⟨

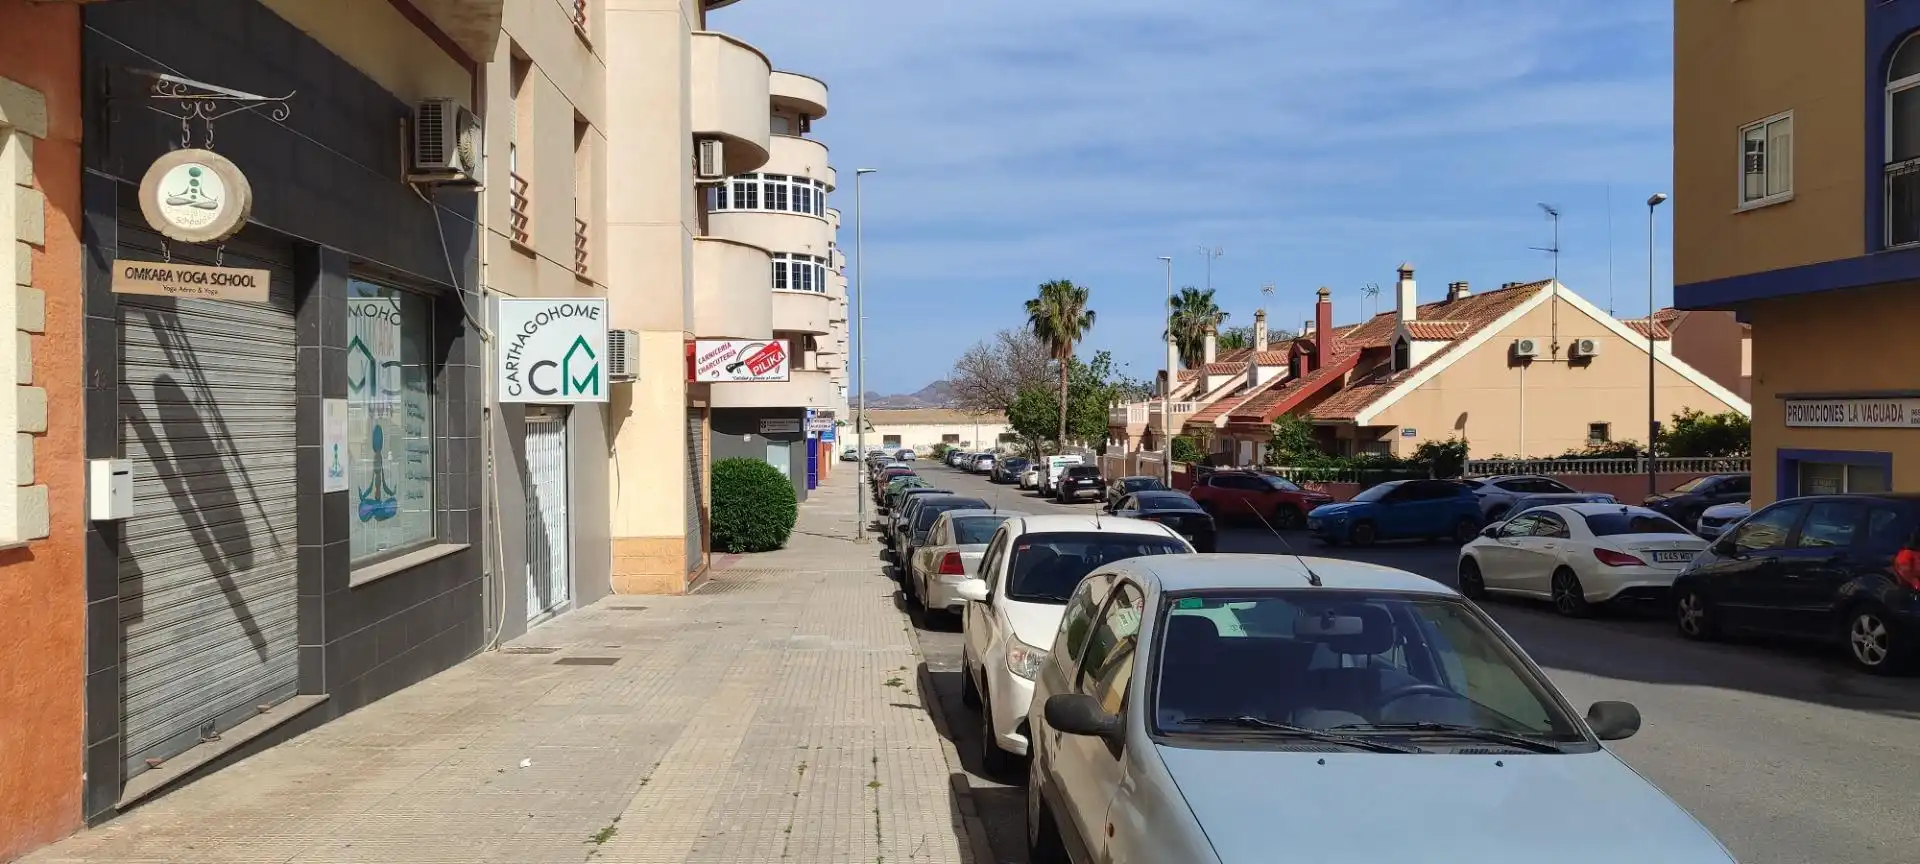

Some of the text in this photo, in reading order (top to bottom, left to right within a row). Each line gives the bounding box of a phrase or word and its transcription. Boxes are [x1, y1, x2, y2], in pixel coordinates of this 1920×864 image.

[125, 266, 256, 288] OMKARA YOGA SCHOOL
[163, 284, 177, 294] Yoga
[204, 287, 218, 296] Yoga
[506, 304, 600, 396] CARTHAGOHOME
[752, 351, 785, 375] PILIKA
[1787, 403, 1904, 422] PROMOCIONES LA VAGUADA
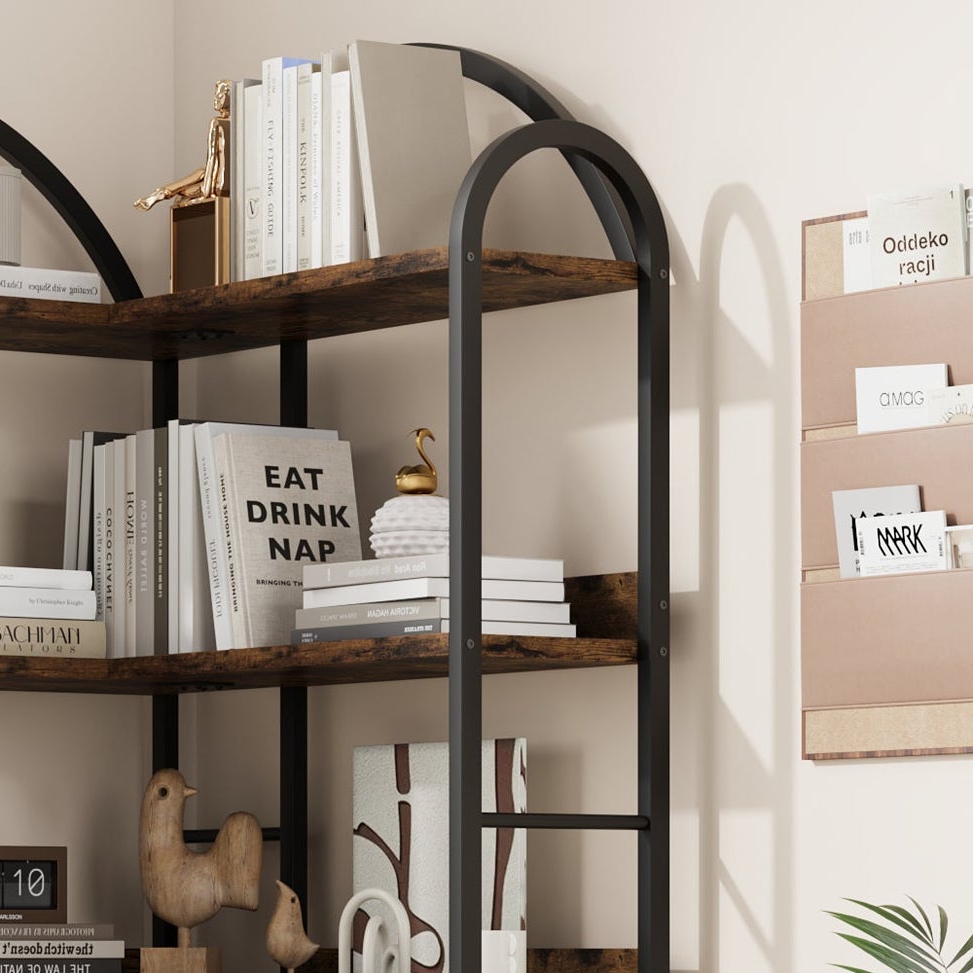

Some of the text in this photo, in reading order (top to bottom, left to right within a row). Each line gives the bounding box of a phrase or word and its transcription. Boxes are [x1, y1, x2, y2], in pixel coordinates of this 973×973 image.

[267, 119, 275, 198] FLY-FISHING
[299, 142, 308, 204] KINFOLK
[883, 231, 949, 254] Oddeko
[899, 254, 935, 276] racji
[264, 465, 324, 490] EAT
[246, 500, 351, 528] DRINK
[219, 473, 238, 612] BRINGING THE HOUSE HOME
[268, 537, 336, 562] NAP
[877, 524, 928, 557] MARK
[256, 579, 291, 587] BRINGING
[13, 868, 45, 897] 10
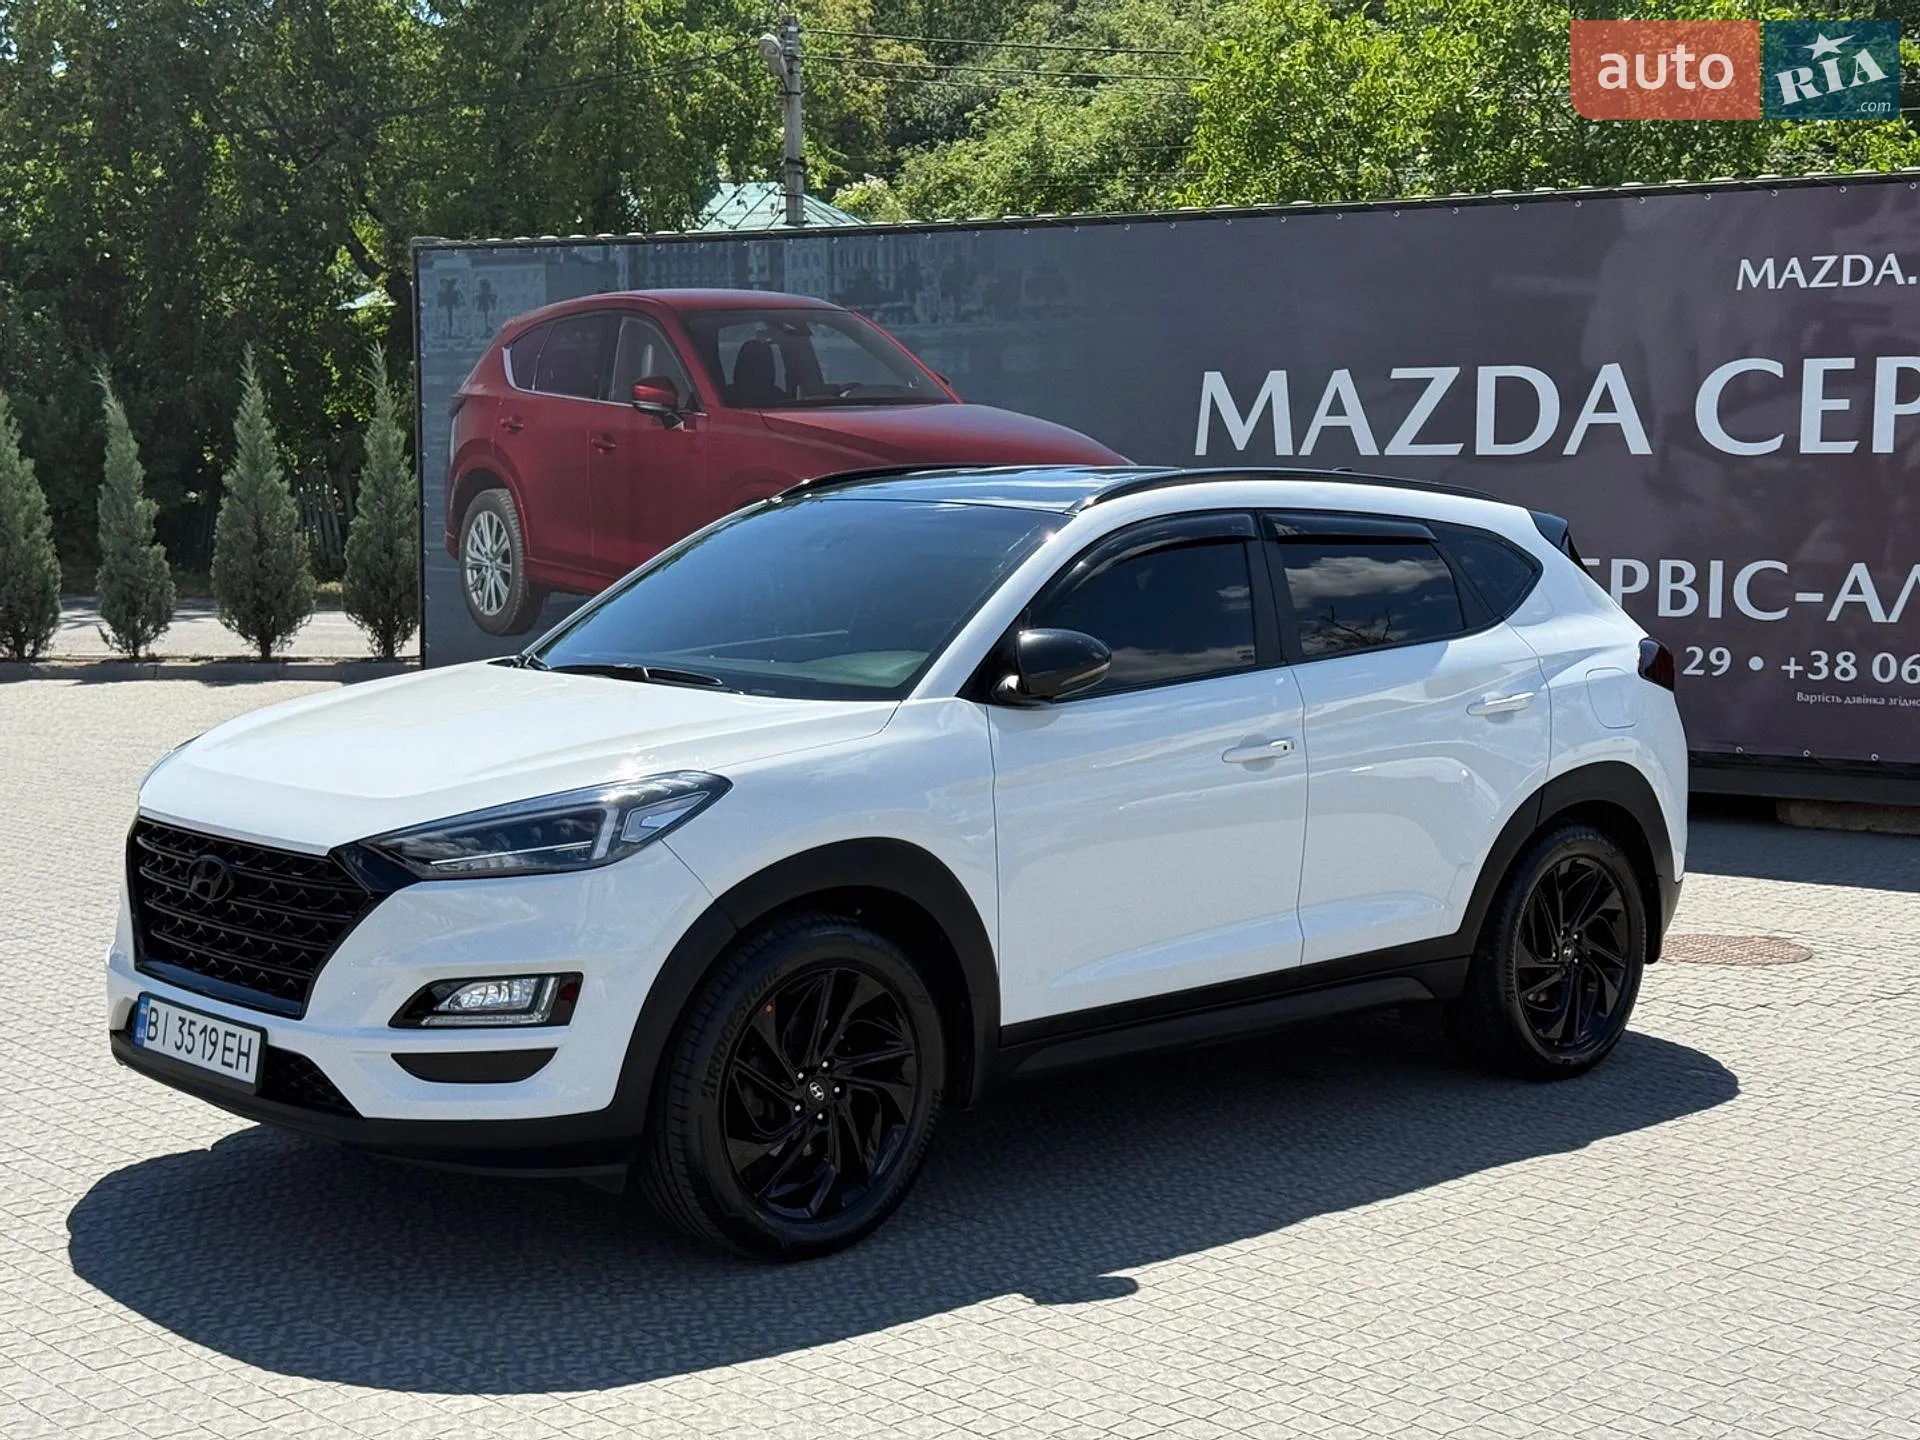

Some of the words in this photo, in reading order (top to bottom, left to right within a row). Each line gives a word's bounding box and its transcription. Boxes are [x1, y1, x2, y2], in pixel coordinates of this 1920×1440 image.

⟩

• [Brief]:
Keep the pictures out and print all the records exactly as they are.

• [Solution to this problem]:
Some of the text in this photo, in reading order (top to bottom, left to right within a row). Each line gives the bounding box of a phrase or word and its transcription. Boxes are [x1, y1, x2, y2], in pixel coordinates of this 1920×864 image.

[125, 266, 256, 288] OMKARA YOGA SCHOOL
[163, 284, 177, 294] Yoga
[204, 287, 218, 296] Yoga
[506, 304, 600, 396] CARTHAGOHOME
[752, 351, 785, 375] PILIKA
[1787, 403, 1904, 422] PROMOCIONES LA VAGUADA

Some of the text in this photo, in reading order (top to bottom, left to right within a row). Each line gives the bounding box of a phrase or word and its transcription. Boxes are [x1, y1, x2, y2], in pixel coordinates of this 973×973 image.

[267, 119, 275, 198] FLY-FISHING
[299, 142, 308, 204] KINFOLK
[883, 231, 949, 254] Oddeko
[899, 254, 935, 276] racji
[264, 465, 324, 490] EAT
[246, 500, 351, 528] DRINK
[219, 473, 238, 612] BRINGING THE HOUSE HOME
[268, 537, 336, 562] NAP
[877, 524, 928, 557] MARK
[256, 579, 291, 587] BRINGING
[13, 868, 45, 897] 10

Some of the words in this photo, in reading order (top to bottom, left to right within a row). Each line gives a word's bounding box and its transcription. Boxes are [x1, y1, x2, y2], in pixel coordinates of this 1920×1440 image.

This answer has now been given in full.